Nicholas Lemann, now a professor at Columbia, writing in the March 16th New Yorker describes his father driving him as a little boy to Princeton: 

"We'd stand on Nassau Street and drink in the magnificence of the campus, as if it stood for everything great, and also distant in the world. Today Princeton is even more magnificent, with beautiful modern buildings scattered around the Colonial and Gothic ones, and elegant stores lining the street across from the Campus."

Students on campus tours with their parents absorb the message: This is the place where success is made, where the tickets to high paying careers are handed out, where superiority reigns, where merit is rewarded and where lack of merit disqualifies you from a future among the aristocracy. It is the classic embodiment of, "If you work hard and have God given talent, you will prosper. If not, it's your own damn fault."

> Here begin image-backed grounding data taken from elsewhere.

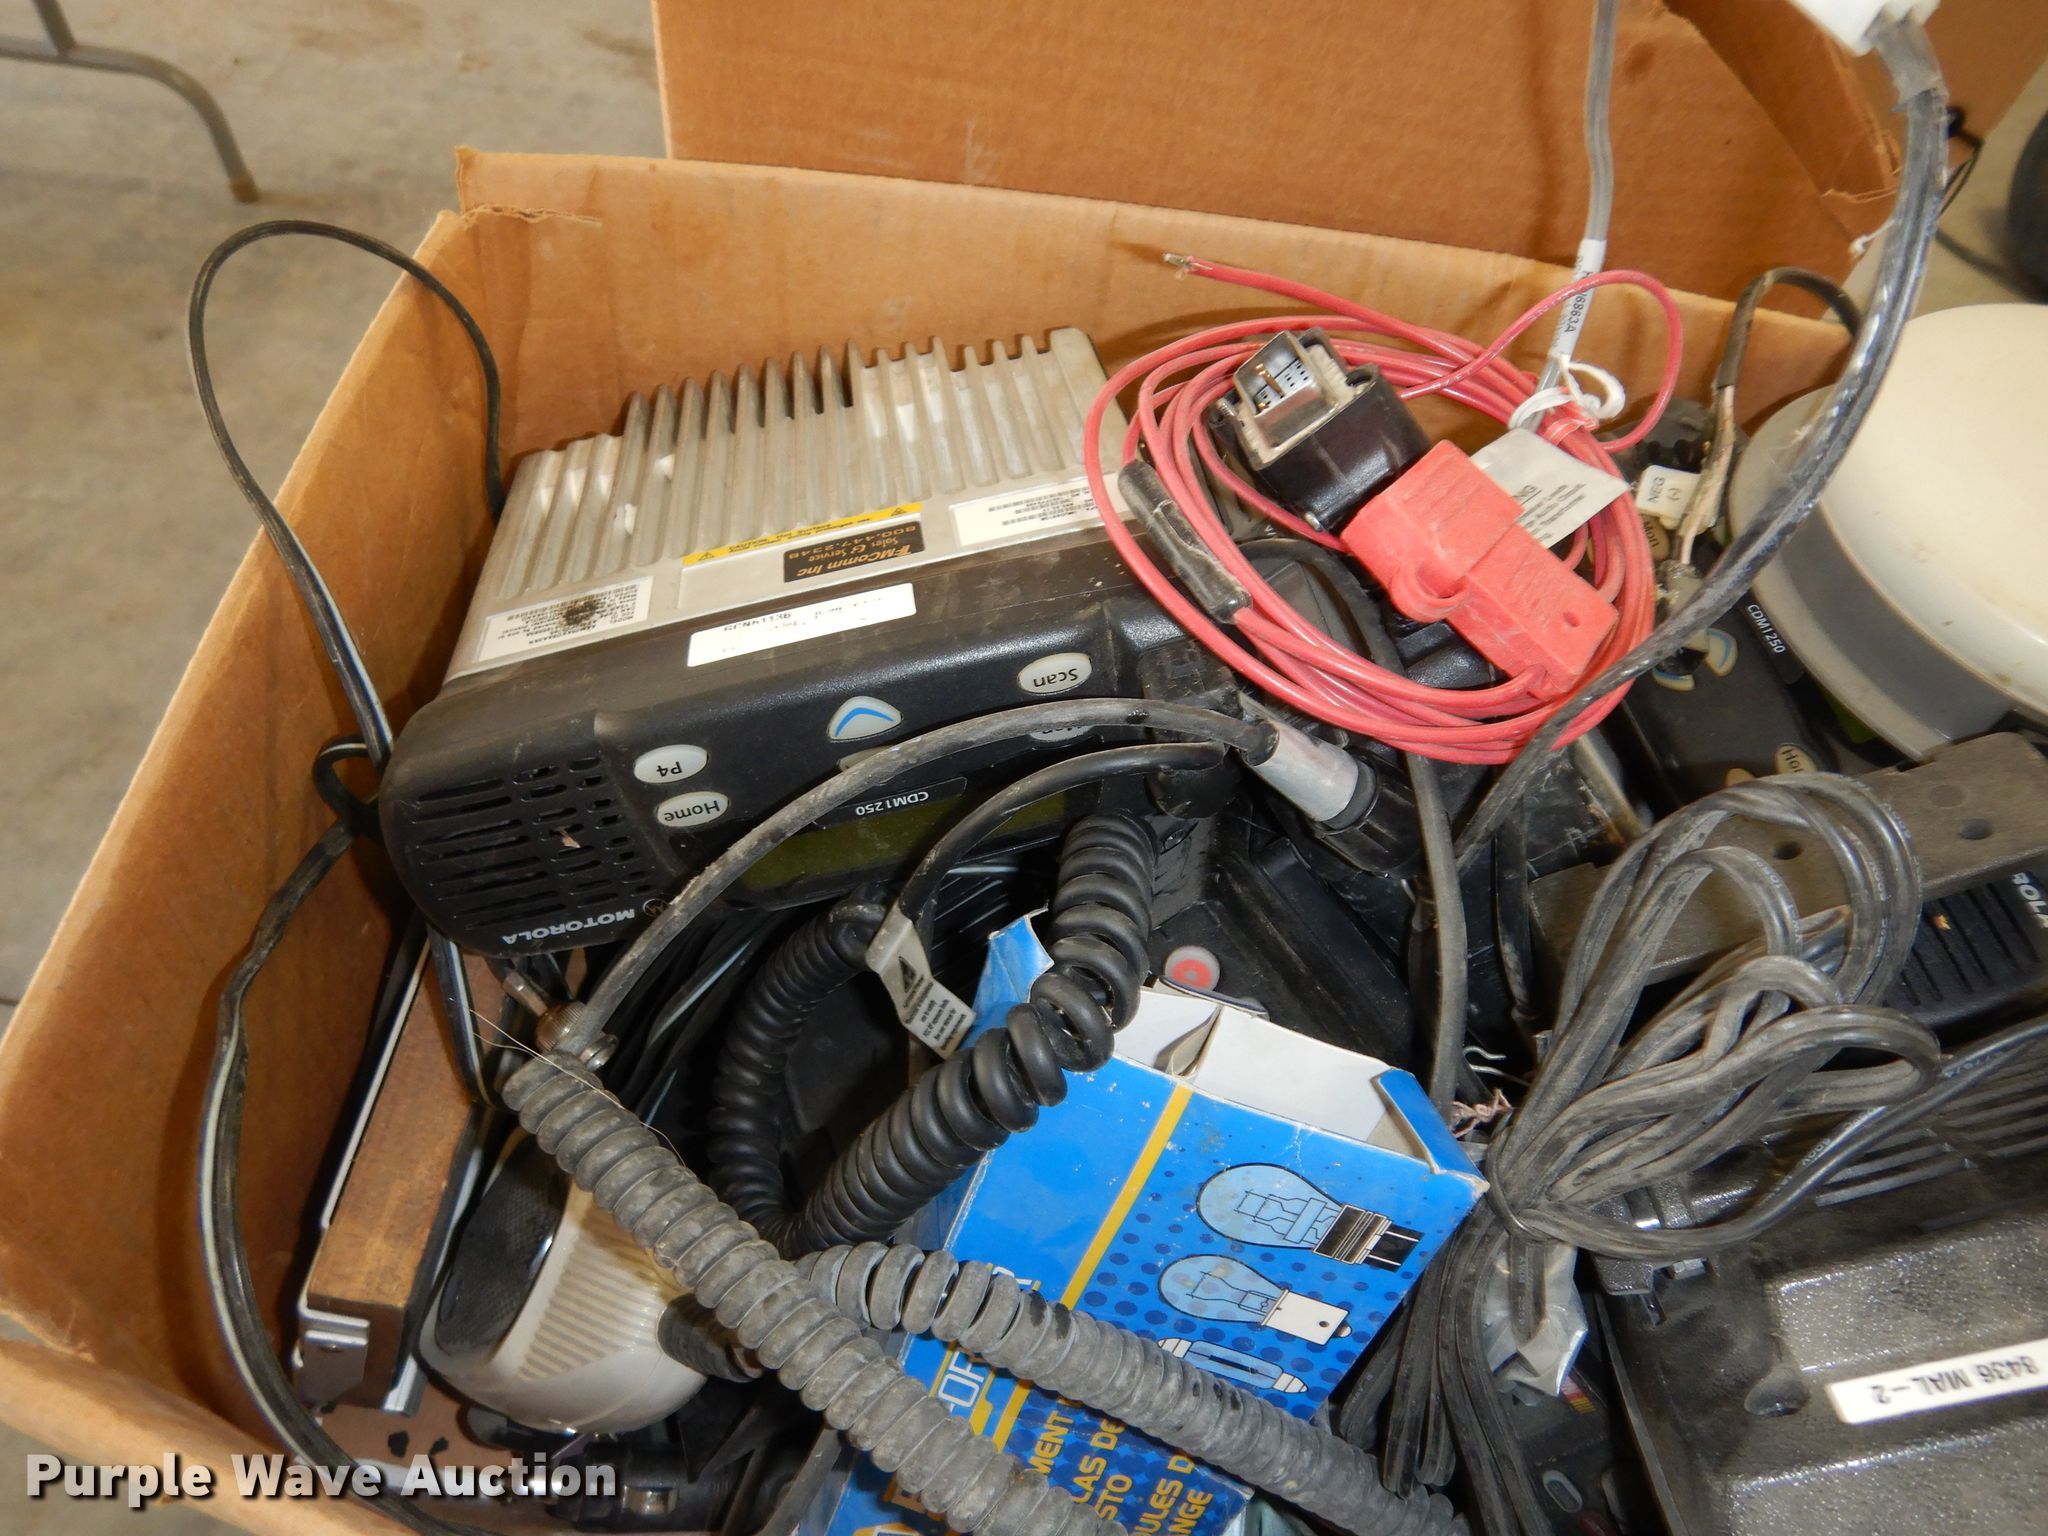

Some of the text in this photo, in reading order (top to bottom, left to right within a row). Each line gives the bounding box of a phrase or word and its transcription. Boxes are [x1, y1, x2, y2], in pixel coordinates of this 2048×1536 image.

[1564, 271, 1594, 333] H6863A
[807, 548, 847, 564] Service
[870, 535, 898, 548] Sales
[795, 563, 824, 577] Inc
[1746, 603, 1787, 655] CDM1250
[1031, 667, 1079, 689] Scan
[656, 759, 684, 778] P4
[663, 799, 721, 823] Home
[855, 789, 930, 816] CDM1250
[502, 907, 635, 946] MOTOROLA
[1029, 1410, 1074, 1474] MENT
[1071, 1455, 1108, 1503] LAS
[1094, 1474, 1133, 1520] STO
[1134, 1478, 1184, 1536] ULES
[1168, 1489, 1214, 1536] NGE

It is where the tyranny of meritocracy reigns.

Barack Obama was the epitome of all this--the child of a Black man and a white woman--who raised him as a single mother--who, through hard work got from Hawaii to Occidental College in California, then to Columbia University in New York City, then to Harvard Law.

His father was not a rich real estate icon. Obama, a physical specimen, lithe, graceful, played basketball as men play basketball, and he was eloquent, inspiring, everything Mr. Trump is not.

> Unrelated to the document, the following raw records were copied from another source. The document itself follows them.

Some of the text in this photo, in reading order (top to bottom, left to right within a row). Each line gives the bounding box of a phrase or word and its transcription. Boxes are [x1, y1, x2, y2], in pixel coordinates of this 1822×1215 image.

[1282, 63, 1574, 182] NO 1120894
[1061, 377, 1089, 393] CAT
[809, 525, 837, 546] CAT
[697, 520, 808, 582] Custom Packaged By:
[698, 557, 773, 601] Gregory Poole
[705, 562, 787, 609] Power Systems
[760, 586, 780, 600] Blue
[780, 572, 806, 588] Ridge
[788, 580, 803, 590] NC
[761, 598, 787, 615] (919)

But then, under Obama's administration his Department of Education went off the rails, and he did nothing to rectify that. The Department intervened in the operations of universities, insisting that on campus sexual assault allegations be handled by new protocols which stripped the accused boys of their right to question their accusers, to due process and a fair trial.

At Brown, an engineering student in his third year, found a drunk co-ed in his bed in the wee hours of a fraternity party and he had sex with her. The details have been scarce, but apparently, as reported in the Brown Alumni Monthly, they awoke the next morning, exchanged telephone numbers. When she got back to her dorm, her roommates heard the story and told her she had been date raped. Nobody ever asked if the boy had been drunk, and nobody ever said whether, if he had,  that would have made the slightest difference to his defense before he was expelled, losing three years of hard work in the Department of Engineering, having to pick up the pieces of his shattered career.

This became part of the cloth of "Believe the Woman," where due process went out the window.

At Penn, a male swimmer, who had an undistinguished career, underwent transgender therapy and then competed as a woman swimmer, smashing all records and winning Ivy League championships. Nothing wrong with this, according the the great minds in the Ivy League.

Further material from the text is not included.